Además, recordemos que fueron noticias públicas en 2024, tanto los dos funcionarios de la PDI que formaban parte de una célula del “Tren de Aragua”, así como la denominada banda de “los pulpos verdes”, donde 12 carabineros de una comisaría de Estación Central fueron detenidos, acusados de que, portando sus uniformes, cometían delitos de cohecho, apremios ilegítimos, hurto, detenciones ilegales y tráfico de drogas.
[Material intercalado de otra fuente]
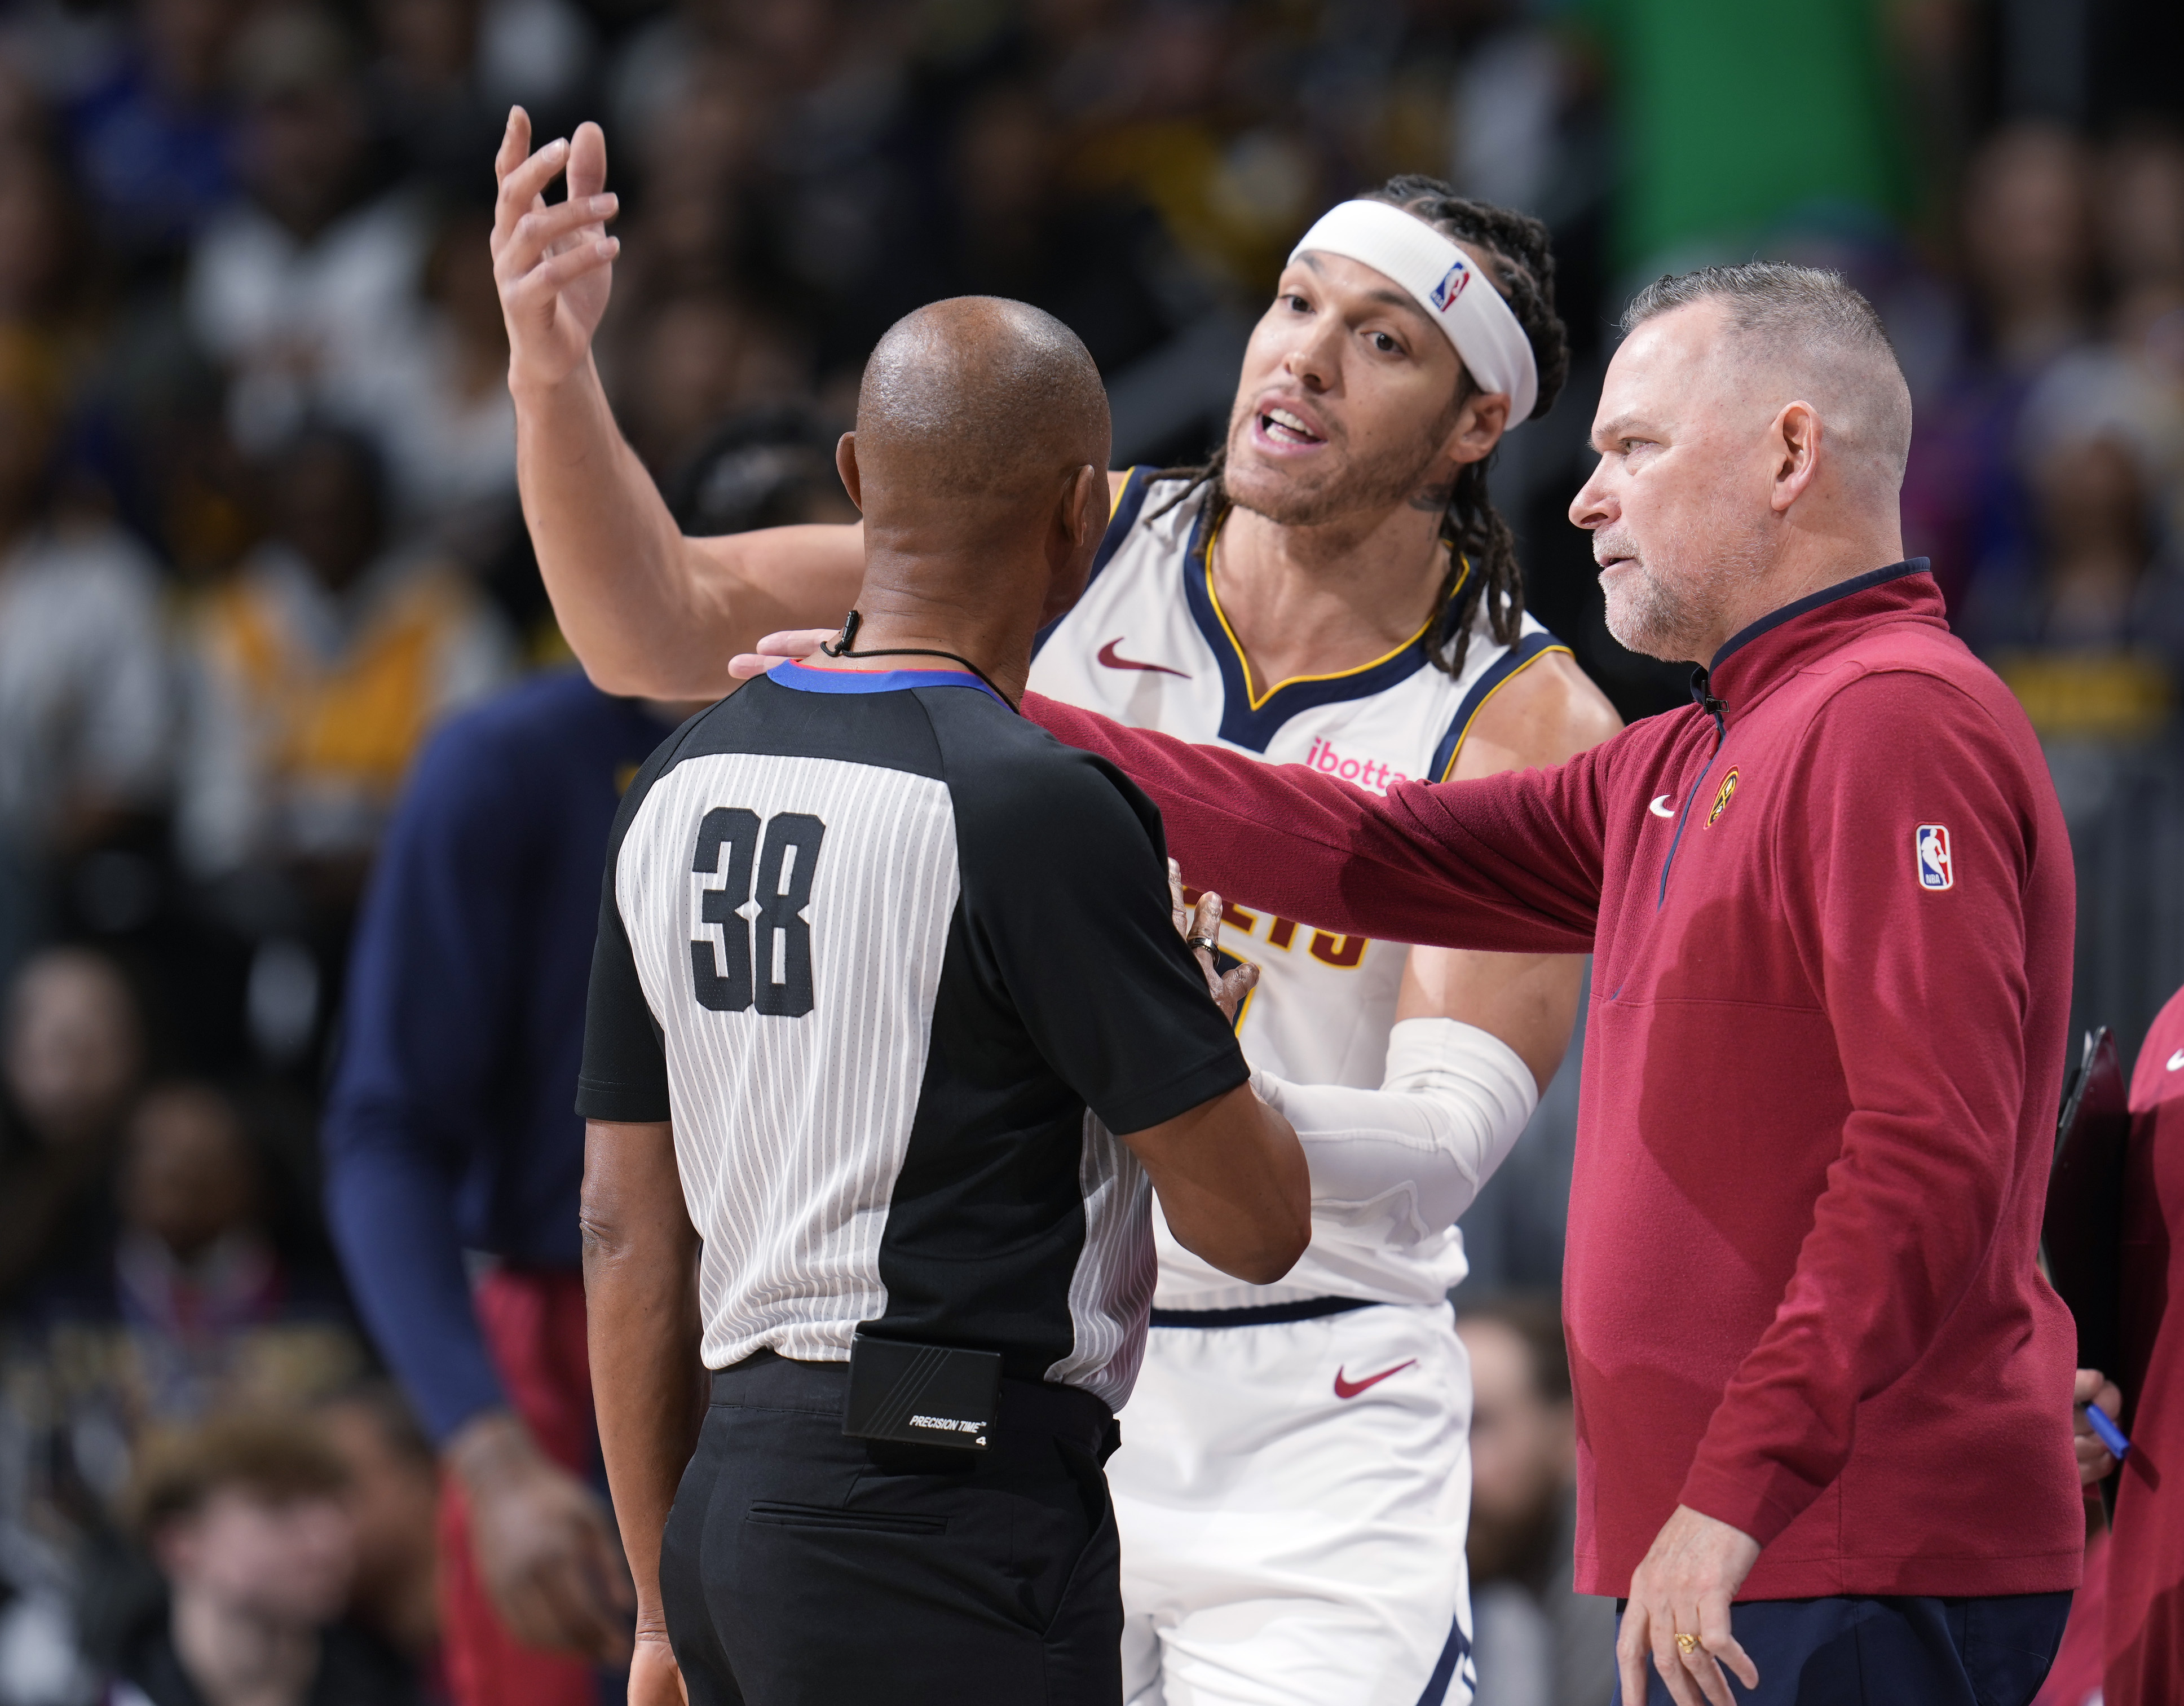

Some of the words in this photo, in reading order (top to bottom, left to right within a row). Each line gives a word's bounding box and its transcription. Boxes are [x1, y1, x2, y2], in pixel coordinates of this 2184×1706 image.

[1925, 874, 1941, 884] NBA
[691, 807, 826, 1018] 38
[909, 1415, 960, 1431] PRECISION
[976, 1436, 987, 1446] 4
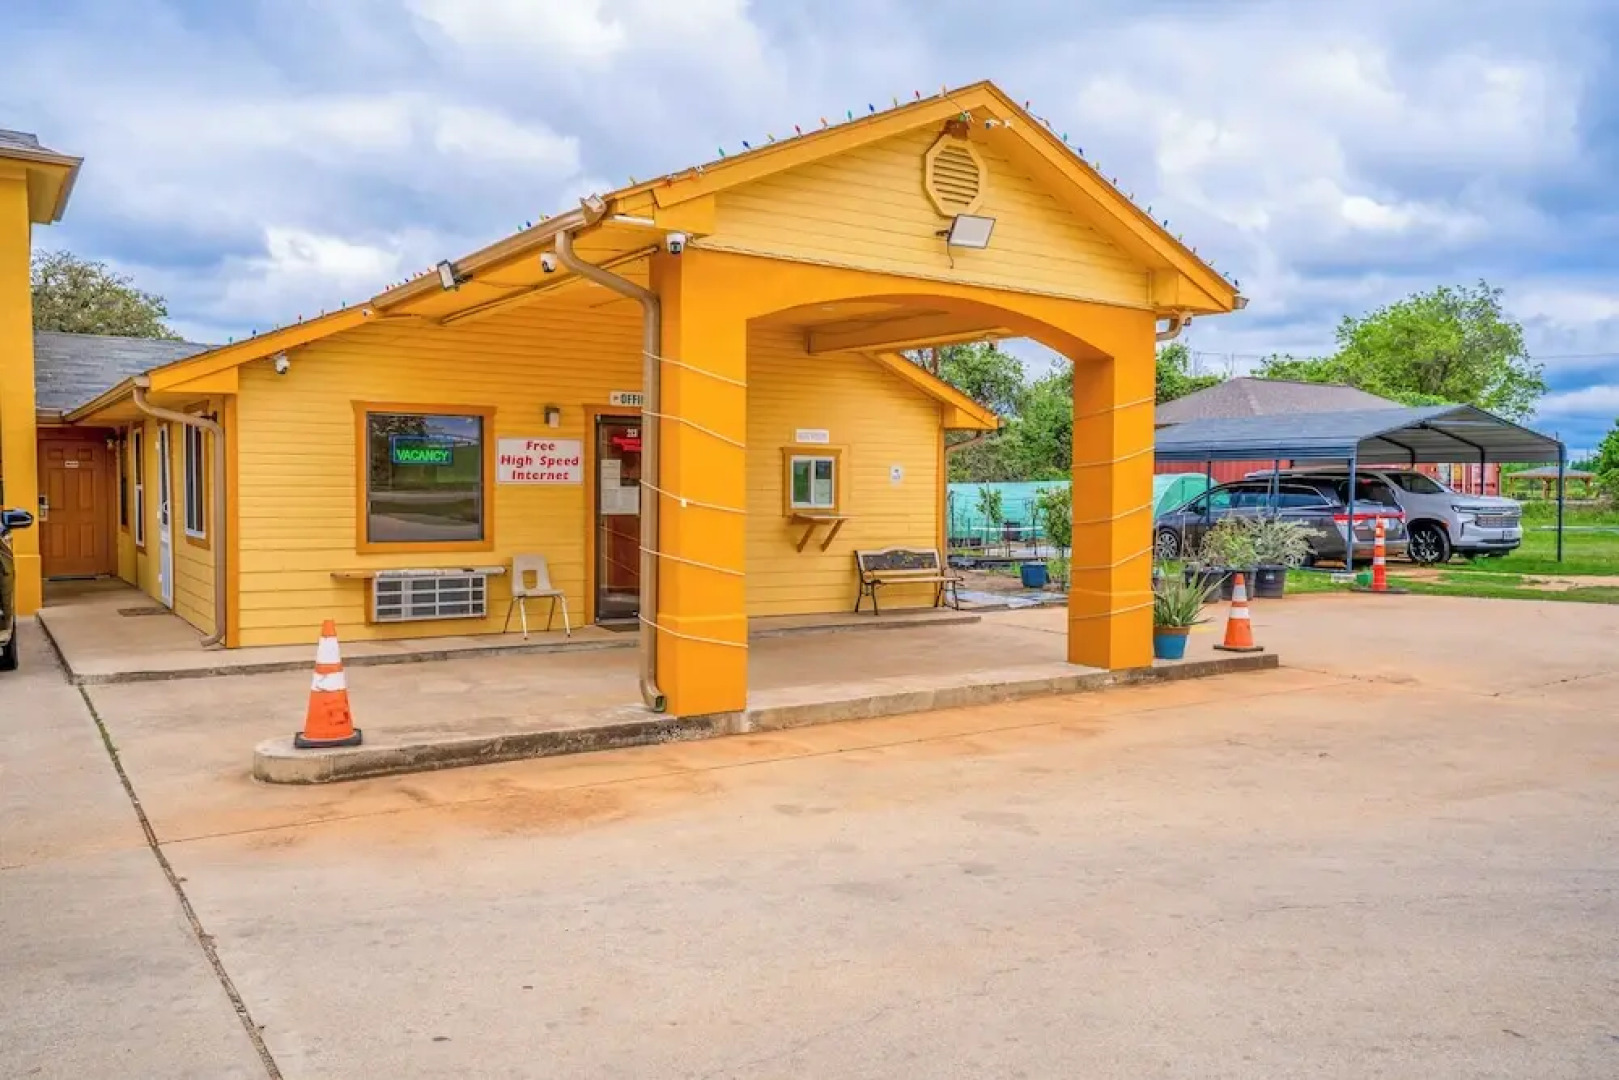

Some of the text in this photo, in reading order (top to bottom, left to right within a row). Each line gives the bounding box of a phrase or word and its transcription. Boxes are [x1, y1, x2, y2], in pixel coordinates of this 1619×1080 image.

[620, 394, 644, 404] OFFI
[525, 441, 556, 451] Free
[396, 449, 449, 461] VACANCY
[500, 454, 579, 468] High Speed
[512, 470, 569, 480] Internet
¿Pero cómo llegamos a esto? La respuesta está en una corrupción estructural previa. Recordemos que para Transparencia Internacional, “la corrupción es el abuso del poder encomendado para beneficio privado”. En la misma línea, la Convención de las Naciones Unidas contra la Corrupción exige a los Estados tipificar penalmente el delito de corrupción de funcionarios públicos, particularmente cuando esta tiene por objetivo obtener beneficios indebidos que le son impropios a su cargo.
En ese sentido, y lamentablemente, en instituciones altamente jerarquizadas, como las FF.AA. y las policías, el mando hace ya bastante tiempo que no ha estado a la altura moral del ejercicio ético de sus funciones. Mediáticos y escandalosos han sido los casos conocidos como “Milicogate” o “Pacogate”, que en el último tiempo llevaron al procesamiento judicial por corrupción de cuatro excomandantes en jefe del Ejército, tres generales exdirectores de Carabineros y dos exdirectores de la PDI.
Cuando la cadena de mando carece de legítima autoridad moral, sus subalternos pueden asumir que el delito es un medio válido para enriquecerse en esta sociedad marcada por lo aspiracional.
Esta percepción se ve reforzada cuando algunos de los altos mandos terminan siendo absueltos por una justicia militar marcada muchas veces por la impunidad, ya que sus jueces son militares en servicio activo, muchas veces subordinados de los propios acusados, y a los cuales ni siquiera se les exige un título profesional de abogado para ejercer tan importante función.
En este delicado asunto, tanto la Relatoría Especial de la ONU como la Corte Interamericana de Derechos Humanos han denunciado, desde hace años, que la justicia militar chilena adolece de imparcialidad e independencia a la hora de juzgar a sus pares.
En síntesis, el narcotráfico no penetró nuestras instituciones militares o policiales al azar. Lo hizo porque encontró profundas grietas morales, abiertas desde la dictadura, acentuadas por la corrupción de sus mandos y evidenciadas por los escándalos actuales. Especialmente grave es que quienes, vistiendo uniforme y detentando el monopolio legítimo de las armas, optan por servir al delito, instante en que dejan de ser símbolos del orden institucional y se transforman en un brazo armado más de la delincuencia.
Ahora bien, esta triste realidad social no constituye un fenómeno aislado, sino que representa el reflejo estructural de un modelo económico que, por esencia y forma de funcionamiento, resulta intrínsecamente deshumanizante. Así, la colusión, la corrupción o el crimen organizado no solo se han normalizado, sino que -previsible y lamentablemente- seguirán haciéndolo, incluso con mayor intensidad en los próximos años, ya que son una consecuencia inevitable de un orden social neoliberal que privilegia, y por lo tanto promueve, el tener por sobre el ser.